How Much Water Do You Need?

Alli Walsh, Social Media Strategist

How Much Water Do You Need?

For the last several years, it seems the answer to so many ailments is “Drink more water!” And while it’s certainly not a cure all, proper hydration is a wellness baseline that helps all the systems in our bodies function properly. Composed of over 60 percent water, the body contains water inside cells, outside cells and in the blood, and as we age and trade muscle for fat, this number decreases.1 Infants’ bodies are composed of 75 percent water, and by the time we reach old age, that number drops to 50 percent.2

Where you get it.

On average, humans get 80 percent of their fluid from beverages and 20 percent from the food they eat.3 All liquid beverages count, but limit alcoholic ones because of their diuretic properties. Fruits and veggies are top food-fluid contributors – some, like watermelon and spinach, are made up of nearly 90 percent water.4

What happens if you don’t.

Water and fluid intake helps maintain body temperature, lubricates joints, protects your spine and facilitates the elimination of bodily waste – all critical components of wellness.5 If your body doesn’t get the fluid it needs to function, dehydration can set in. Signs of dehydration vary between children and adults:

Dehydration in infants or children6:

  • Dry mouth and tongue
  • No tears when crying
  • No wet diapers for three hours
  • Sunken eyes, cheeks
  • Sunken soft spot on top of skull
  • Listlessness or irritability

Dehydration in adults7:

  • Extreme thirst
  • Less frequent urination
  • Dark-colored urine
  • Fatigue
  • Dizziness
  • Confusion

The first line of defense against or recovery from mild symptoms is to increase fluid intake until you’re feeling better.
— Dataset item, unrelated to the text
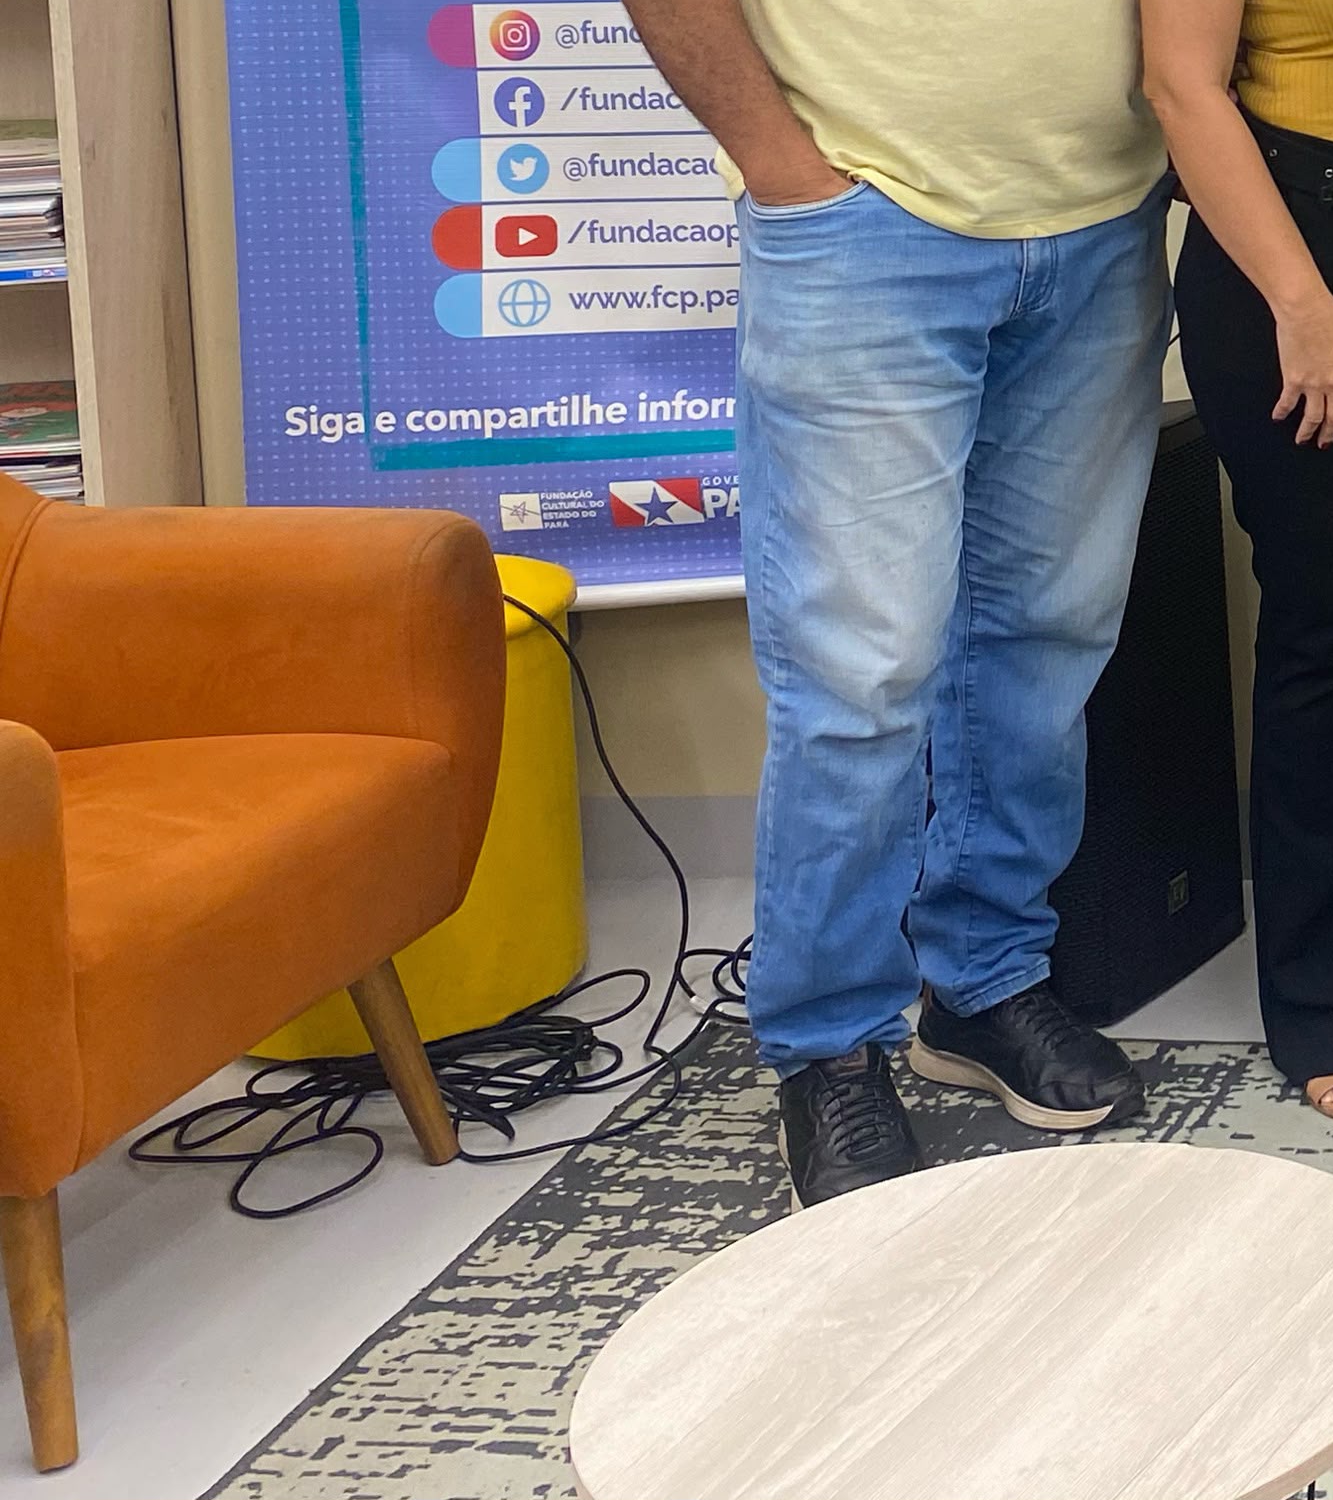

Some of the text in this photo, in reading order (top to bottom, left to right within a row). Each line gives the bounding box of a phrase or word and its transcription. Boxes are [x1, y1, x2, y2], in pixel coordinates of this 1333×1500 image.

More serious symptoms, like profound fatigue or sleepiness, diarrhea for more than 24 hours or the inability to keep fluids down warrant urgent medical attention.8

How much you need.

The Institute of Medicine suggests an adequate intake of fluid consumption for men of 3.7 liters a day and for women of around 2.7 liters.9 However, this recommendation is a rough estimate, as individual needs vary by gender, weight, muscle mass, pregnancy and exercise levels.10 Depending on your lifestyle, you may need more or less.
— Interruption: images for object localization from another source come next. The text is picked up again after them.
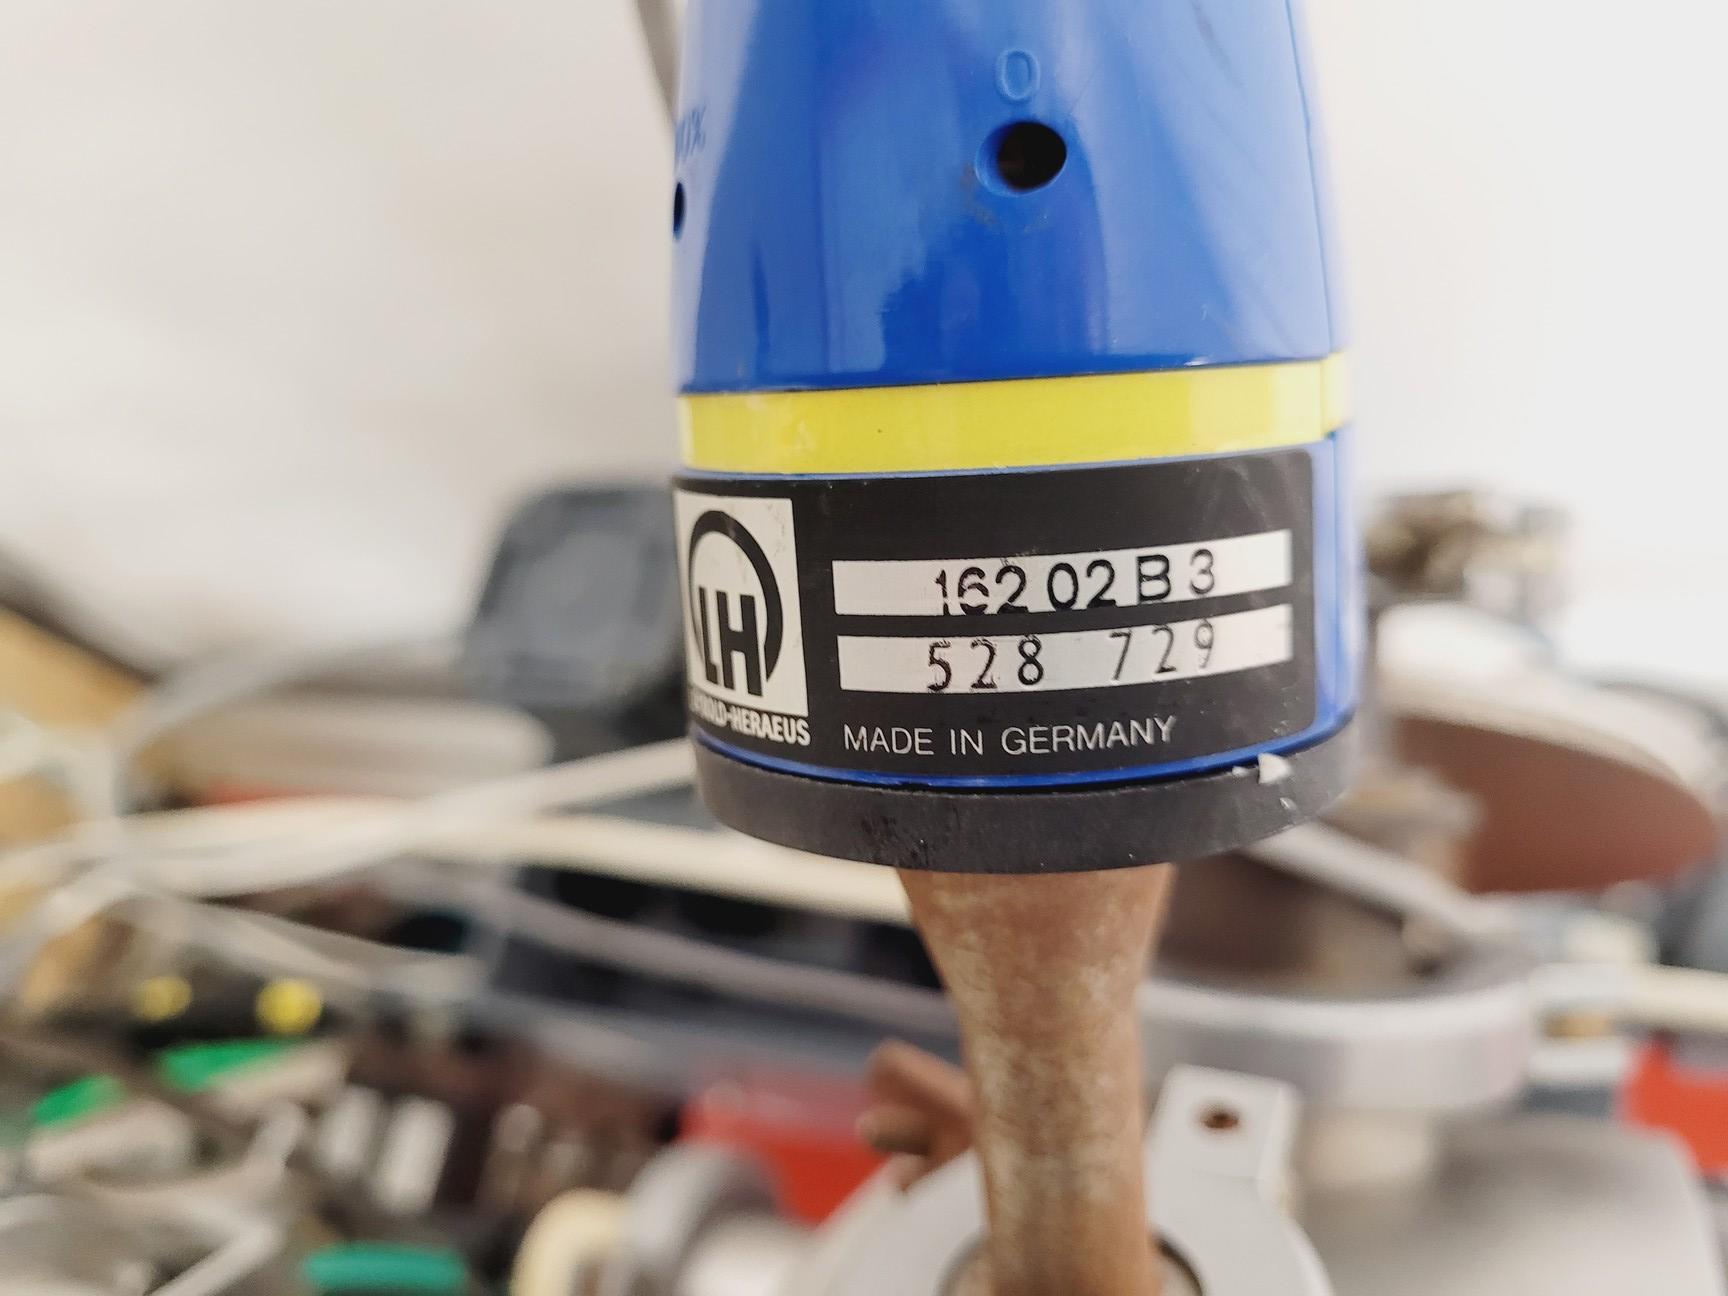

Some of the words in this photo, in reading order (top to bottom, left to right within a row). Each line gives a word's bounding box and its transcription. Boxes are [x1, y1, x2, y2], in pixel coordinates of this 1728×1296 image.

[927, 633, 1044, 692] 528
[1109, 617, 1215, 683] 729
[843, 724, 934, 755] MADE
[950, 729, 984, 756] IN
[1001, 715, 1177, 755] GERMANY
So, why the variation from the eight glasses a day advice we’ve heard for so long? The recommendations are actually very similar in quantity and eight glasses a day is simple to remember. Keep it in mind as you go through the day, drinking water at each meal and before and after exercise.11 Beyond that, listen to your body and drink when you’re thirsty—enough so your urine remains pale yellow. This should help you get the right amount of water for your individual needs.12

 

References:

1, 2  "How much water is in the human body." Http://www.nestle-waters.com. Nestle Waters, n.d. Web. 06 Aug. 2017.

3, 9 "Dietary Reference Intakes: Water, Potassium, Sodium, Chloride, and Sulfate." National Academies Press. National Academies of Science Engineering Medicine, 19 Aug. 2015. Web. 06 Aug. 2017.

4, 10, 11, 12 "How much water do you really need every day?" Mayo Clinic. Mayo Foundation for Medical Education and Research, 05 Sept. 2014. Web. 06 Aug. 2017.

5 Marcin, Ashley. "How much water you need to drink." Medical News Today. MediLexicon International, 26 July 2017. Web. 06 Aug. 2017.

6, 7, 8 "Dehydration." Mayo Clinic. Mayo Foundation for Medical Education and Research, 29 Oct. 2016. Web. 06 Aug. 2017.